(Saved entries)
============================================================

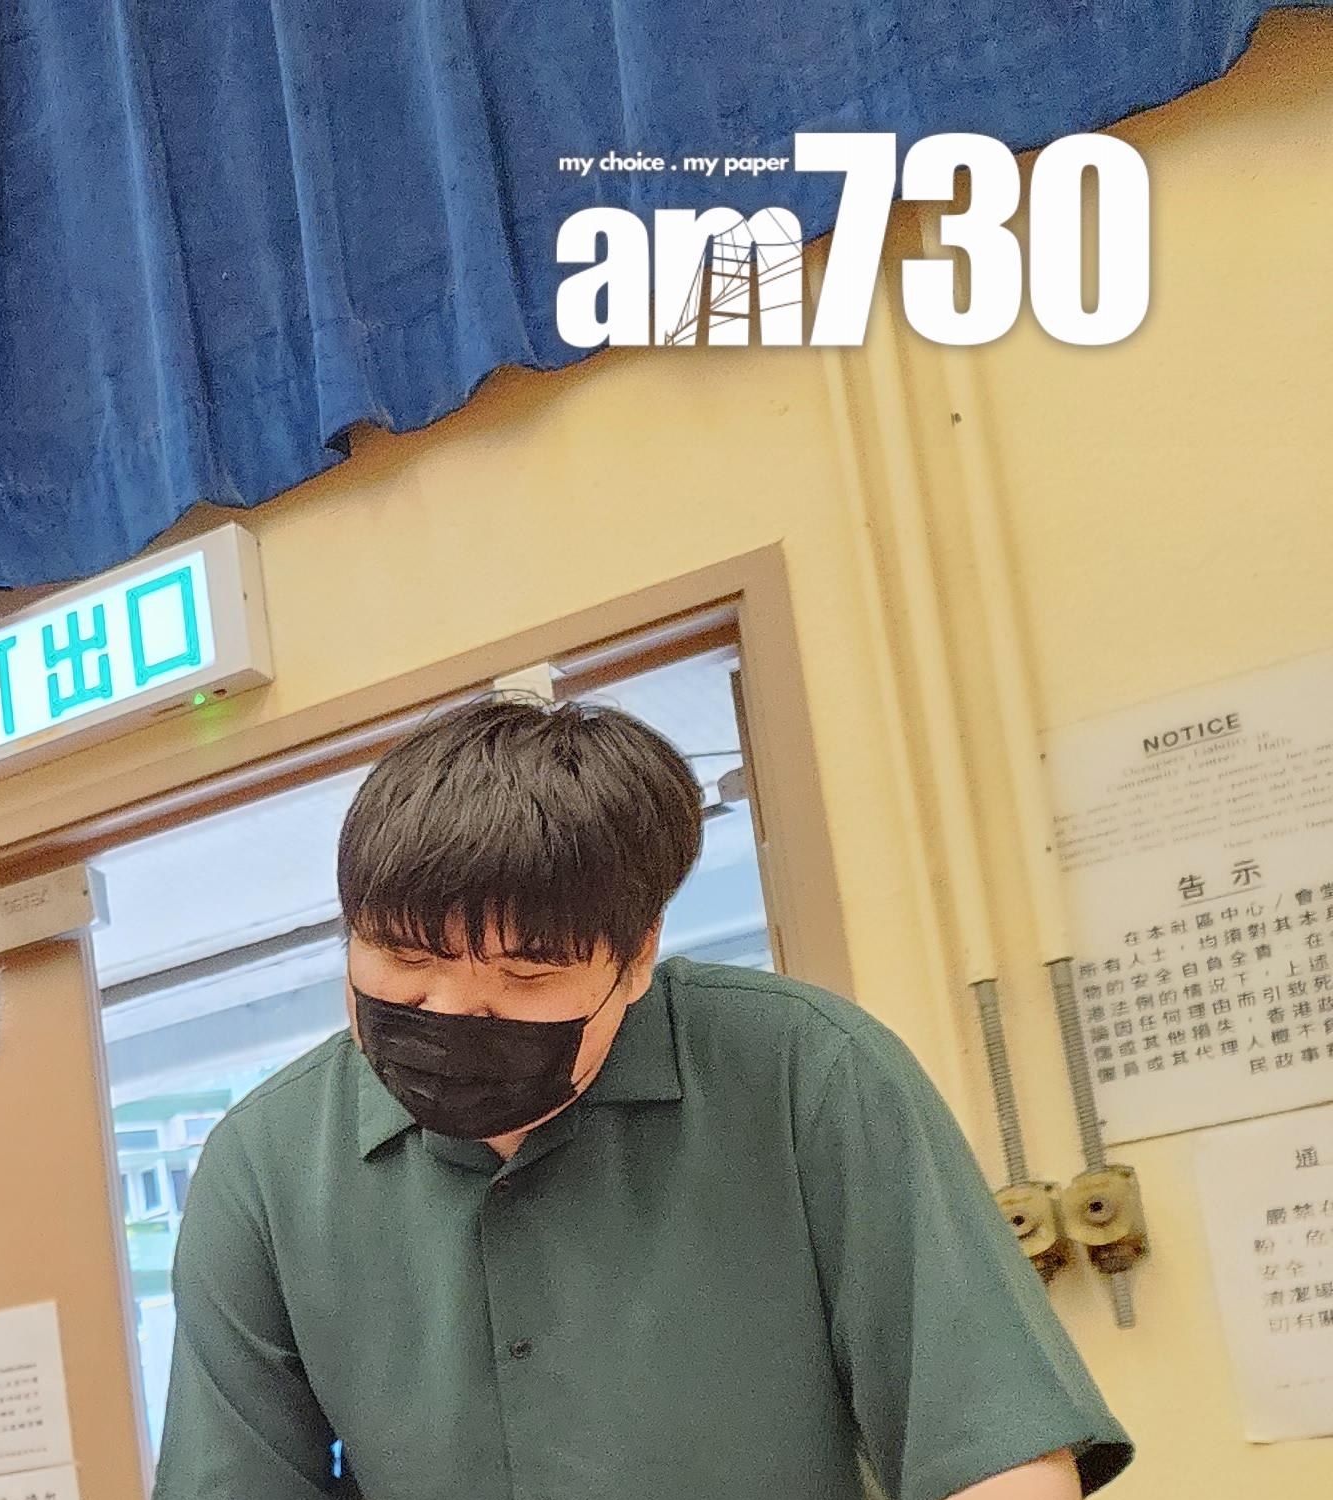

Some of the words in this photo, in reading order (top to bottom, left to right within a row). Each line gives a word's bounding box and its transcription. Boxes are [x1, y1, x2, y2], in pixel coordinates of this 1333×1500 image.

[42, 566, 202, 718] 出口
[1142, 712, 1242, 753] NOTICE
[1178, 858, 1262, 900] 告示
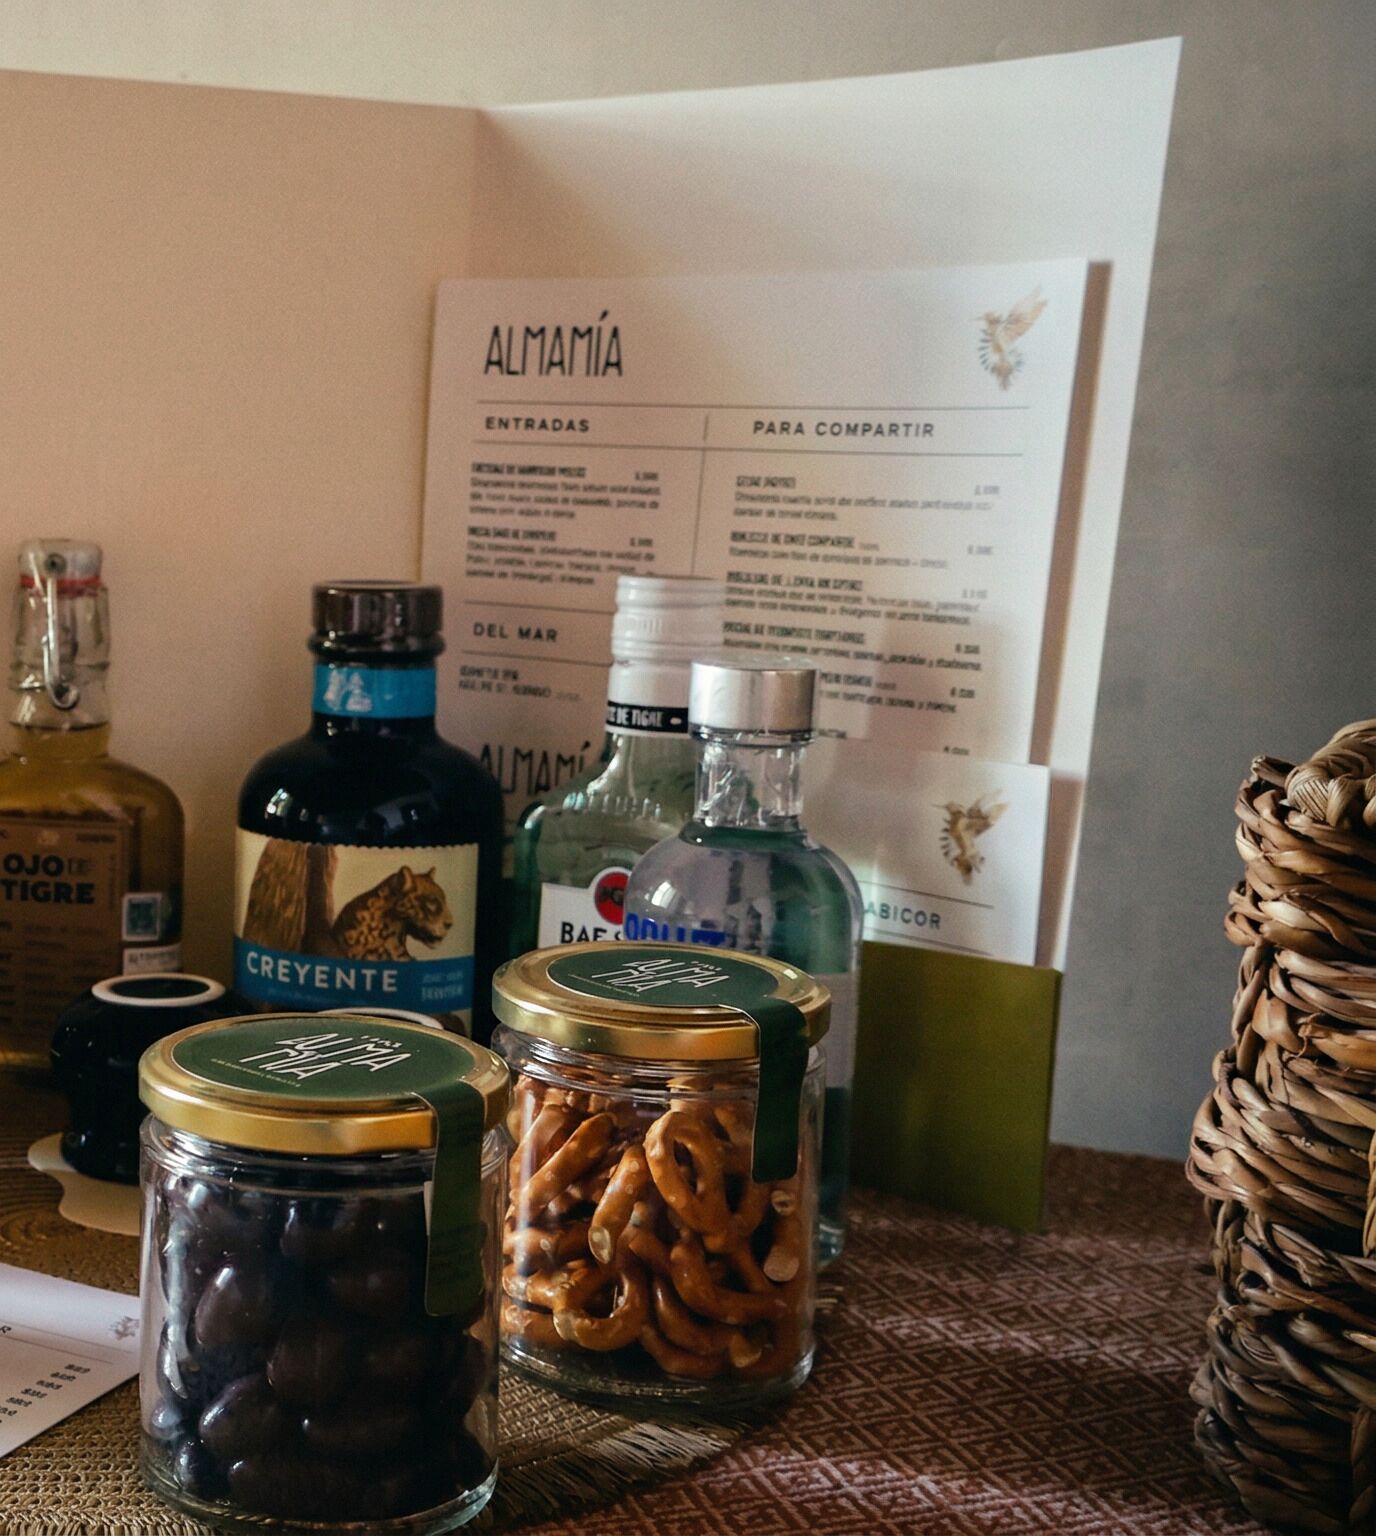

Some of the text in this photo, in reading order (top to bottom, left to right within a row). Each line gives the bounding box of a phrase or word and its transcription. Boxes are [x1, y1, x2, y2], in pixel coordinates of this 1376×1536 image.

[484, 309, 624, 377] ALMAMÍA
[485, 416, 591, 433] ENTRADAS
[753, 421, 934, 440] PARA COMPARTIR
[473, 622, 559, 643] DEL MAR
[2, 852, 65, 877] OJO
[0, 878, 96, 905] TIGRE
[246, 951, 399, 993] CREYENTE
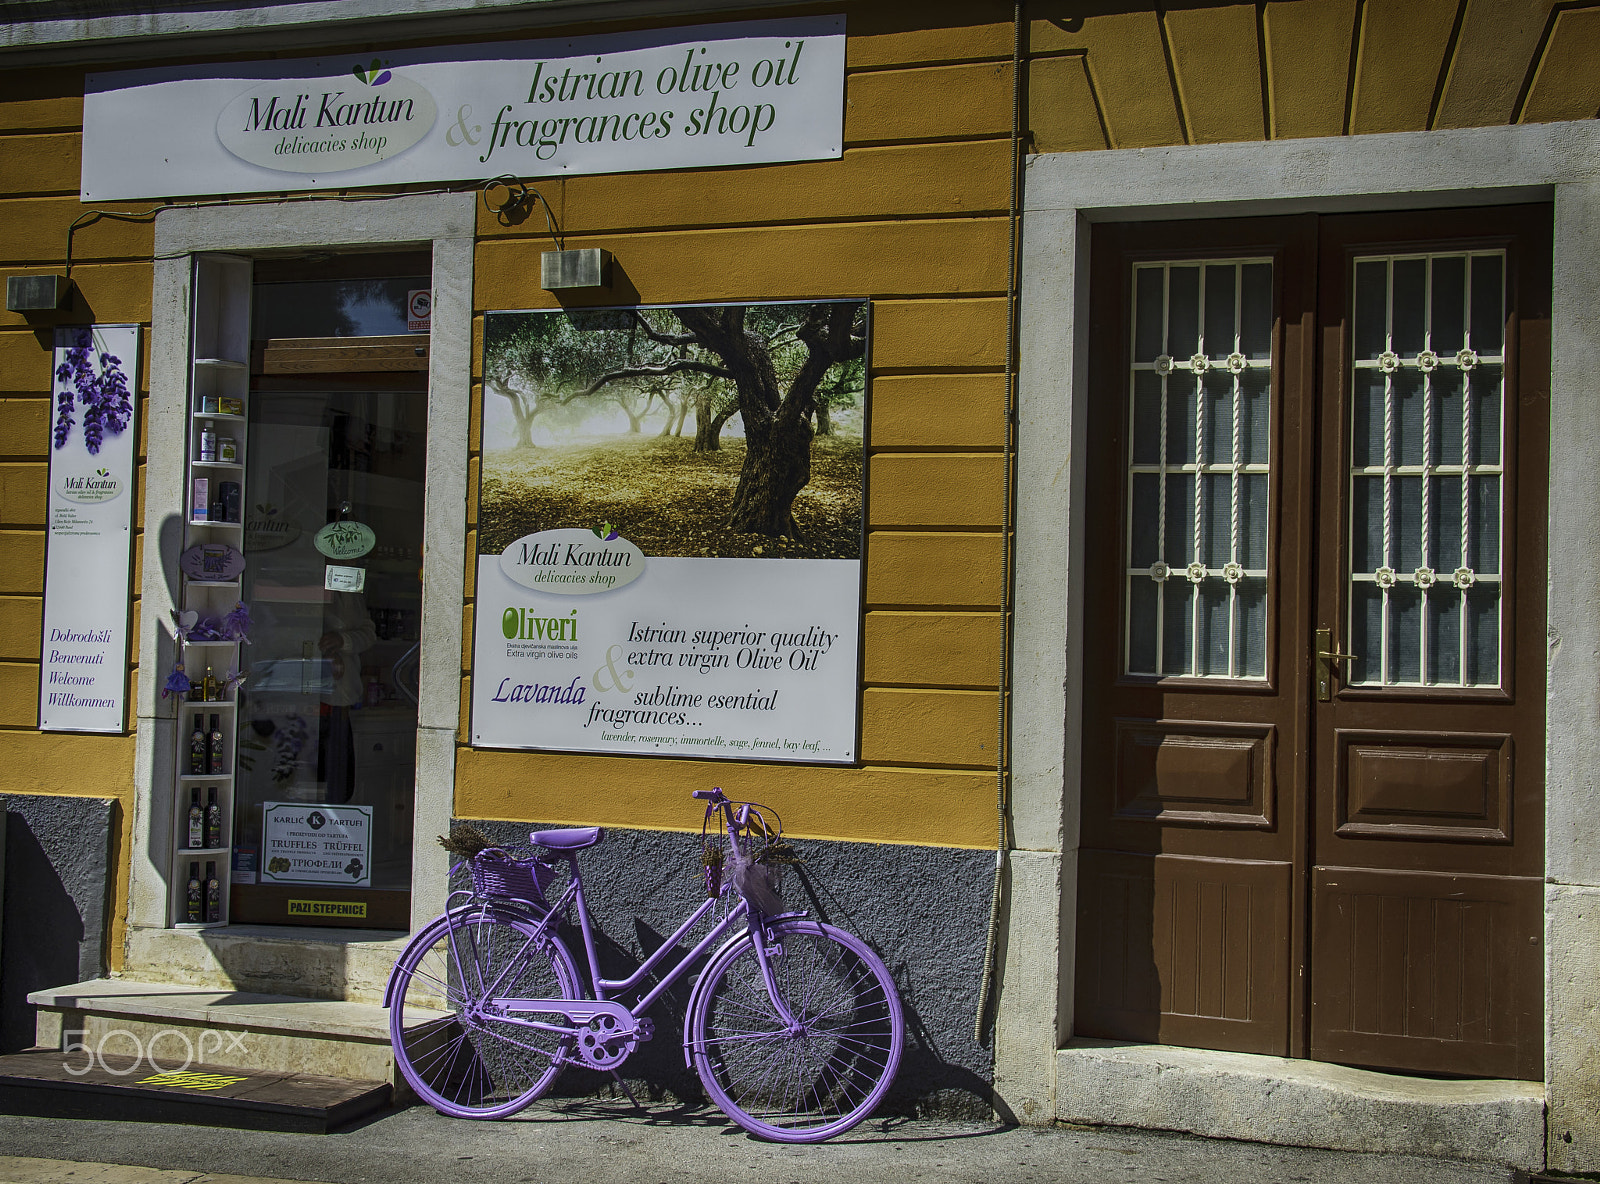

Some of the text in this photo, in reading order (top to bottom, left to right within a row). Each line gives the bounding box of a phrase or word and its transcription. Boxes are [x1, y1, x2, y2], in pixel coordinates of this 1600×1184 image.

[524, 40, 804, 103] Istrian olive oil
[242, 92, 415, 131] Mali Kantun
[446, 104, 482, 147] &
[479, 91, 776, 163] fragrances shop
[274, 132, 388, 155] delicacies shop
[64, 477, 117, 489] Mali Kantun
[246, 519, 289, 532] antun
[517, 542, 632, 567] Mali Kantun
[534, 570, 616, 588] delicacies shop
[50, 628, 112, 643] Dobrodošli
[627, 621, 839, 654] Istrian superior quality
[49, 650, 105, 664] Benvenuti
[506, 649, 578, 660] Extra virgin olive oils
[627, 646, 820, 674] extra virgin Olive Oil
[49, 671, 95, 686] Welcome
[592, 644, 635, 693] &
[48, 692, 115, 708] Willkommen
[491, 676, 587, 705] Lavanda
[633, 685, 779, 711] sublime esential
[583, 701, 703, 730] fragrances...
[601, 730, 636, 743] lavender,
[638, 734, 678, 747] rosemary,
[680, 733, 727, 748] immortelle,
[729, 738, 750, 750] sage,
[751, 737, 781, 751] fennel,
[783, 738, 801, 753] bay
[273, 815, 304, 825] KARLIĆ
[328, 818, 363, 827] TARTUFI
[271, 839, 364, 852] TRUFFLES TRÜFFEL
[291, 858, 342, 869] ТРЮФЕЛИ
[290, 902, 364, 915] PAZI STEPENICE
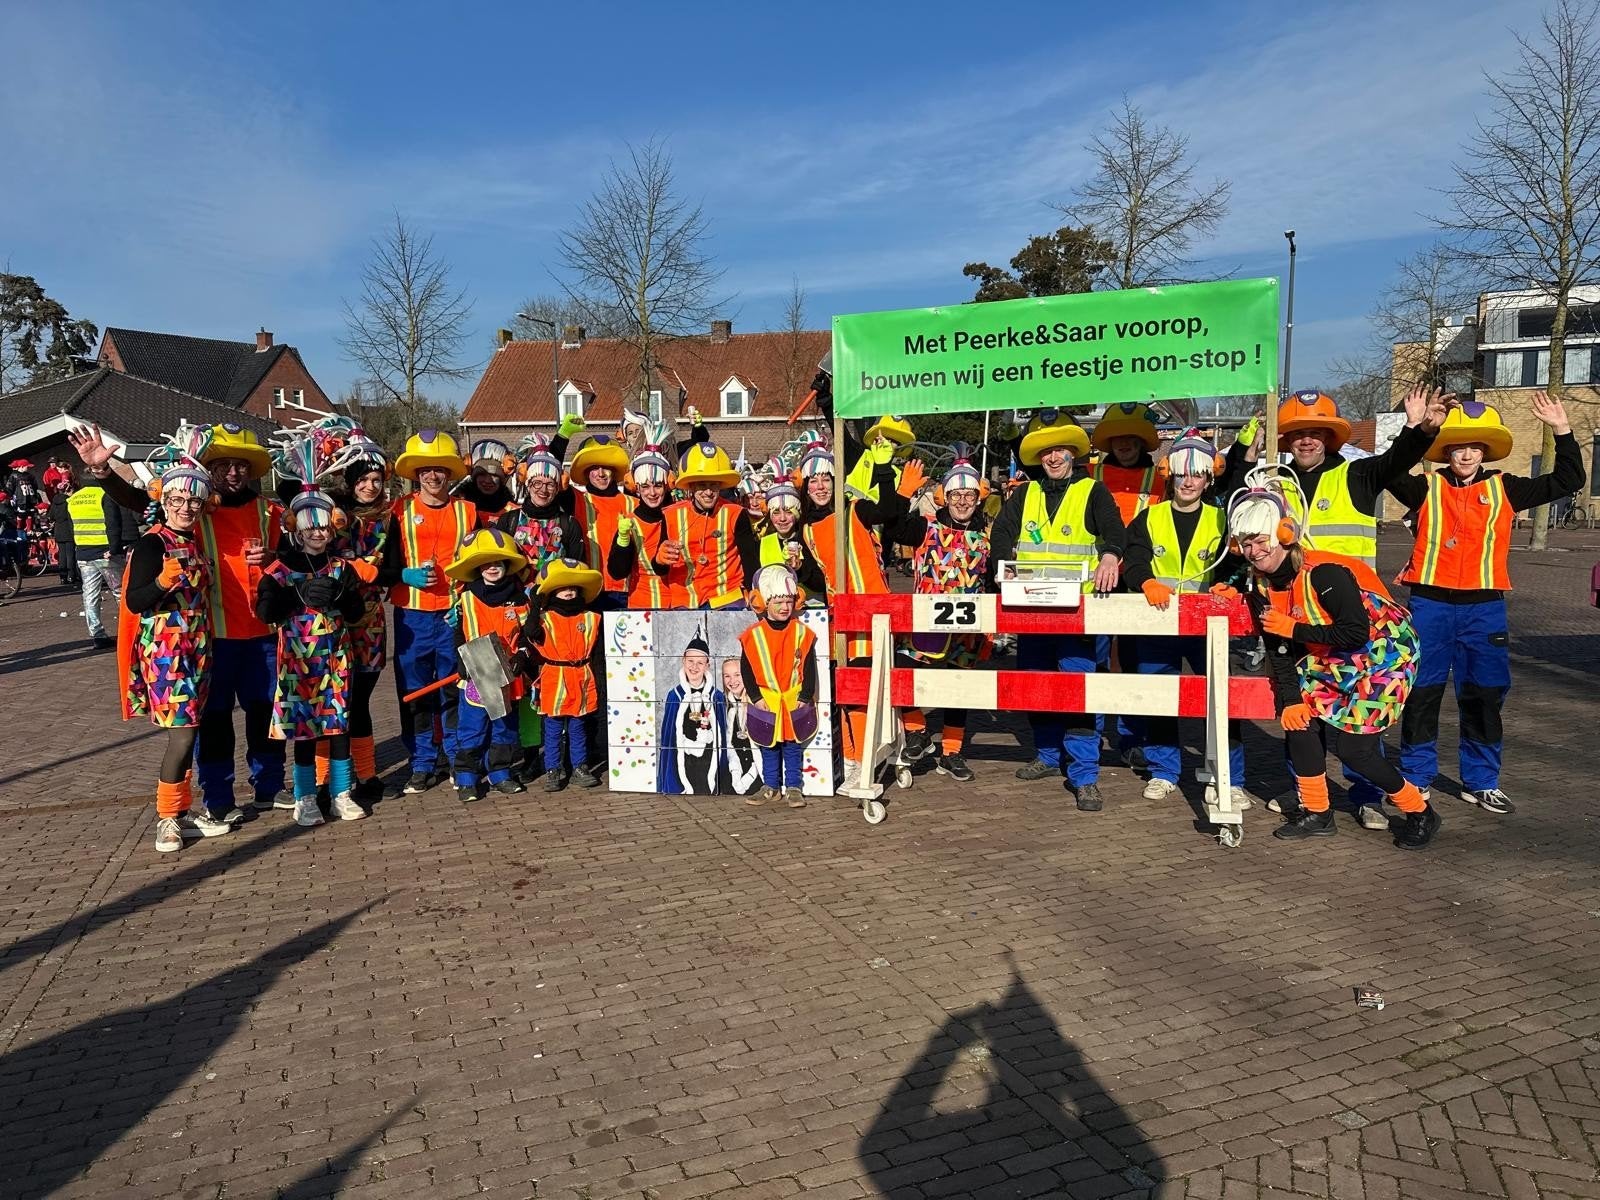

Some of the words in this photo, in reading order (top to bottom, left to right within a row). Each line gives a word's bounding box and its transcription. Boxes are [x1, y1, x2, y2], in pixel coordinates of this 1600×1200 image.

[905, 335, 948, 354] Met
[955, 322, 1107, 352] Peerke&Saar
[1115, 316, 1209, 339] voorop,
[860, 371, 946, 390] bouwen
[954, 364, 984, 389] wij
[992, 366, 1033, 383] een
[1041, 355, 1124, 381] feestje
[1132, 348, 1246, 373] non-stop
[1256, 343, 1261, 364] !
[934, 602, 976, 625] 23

============================================================

To do: Type out each line of the records above exactly, skipping any pictures.

Completed exercise:
Some of the words in this photo, in reading order (top to bottom, left to right within a row). Each line gives a word's bounding box and its transcription. Boxes are [x1, y1, x2, y2], in pixel coordinates of this 1333×1500 image.

[42, 566, 202, 718] 出口
[1142, 712, 1242, 753] NOTICE
[1178, 858, 1262, 900] 告示

Some of the text in this photo, in reading order (top to bottom, left to right within a row). Each line gives the bounding box of a phrase or word and its transcription. Boxes are [x1, y1, x2, y2], in pixel coordinates of this 1376×1536 image.

[484, 309, 624, 377] ALMAMÍA
[485, 416, 591, 433] ENTRADAS
[753, 421, 934, 440] PARA COMPARTIR
[473, 622, 559, 643] DEL MAR
[2, 852, 65, 877] OJO
[0, 878, 96, 905] TIGRE
[246, 951, 399, 993] CREYENTE

Some of the text in this photo, in reading order (top to bottom, left to right within a row). Each line gives the bounding box of a phrase or word and its transcription. Boxes are [x1, y1, x2, y2], in pixel coordinates of this 1600×1184 image.

[524, 40, 804, 103] Istrian olive oil
[242, 92, 415, 131] Mali Kantun
[446, 104, 482, 147] &
[479, 91, 776, 163] fragrances shop
[274, 132, 388, 155] delicacies shop
[64, 477, 117, 489] Mali Kantun
[246, 519, 289, 532] antun
[517, 542, 632, 567] Mali Kantun
[534, 570, 616, 588] delicacies shop
[50, 628, 112, 643] Dobrodošli
[627, 621, 839, 654] Istrian superior quality
[49, 650, 105, 664] Benvenuti
[506, 649, 578, 660] Extra virgin olive oils
[627, 646, 820, 674] extra virgin Olive Oil
[49, 671, 95, 686] Welcome
[592, 644, 635, 693] &
[48, 692, 115, 708] Willkommen
[491, 676, 587, 705] Lavanda
[633, 685, 779, 711] sublime esential
[583, 701, 703, 730] fragrances...
[601, 730, 636, 743] lavender,
[638, 734, 678, 747] rosemary,
[680, 733, 727, 748] immortelle,
[729, 738, 750, 750] sage,
[751, 737, 781, 751] fennel,
[783, 738, 801, 753] bay
[273, 815, 304, 825] KARLIĆ
[328, 818, 363, 827] TARTUFI
[271, 839, 364, 852] TRUFFLES TRÜFFEL
[291, 858, 342, 869] ТРЮФЕЛИ
[290, 902, 364, 915] PAZI STEPENICE

Some of the words in this photo, in reading order (top to bottom, left to right within a row). Each line gives a word's bounding box and its transcription. Boxes are [x1, y1, x2, y2], in pixel coordinates of this 1600×1200 image.

[905, 335, 948, 354] Met
[955, 322, 1107, 352] Peerke&Saar
[1115, 316, 1209, 339] voorop,
[860, 371, 946, 390] bouwen
[954, 364, 984, 389] wij
[992, 366, 1033, 383] een
[1041, 355, 1124, 381] feestje
[1132, 348, 1246, 373] non-stop
[1256, 343, 1261, 364] !
[934, 602, 976, 625] 23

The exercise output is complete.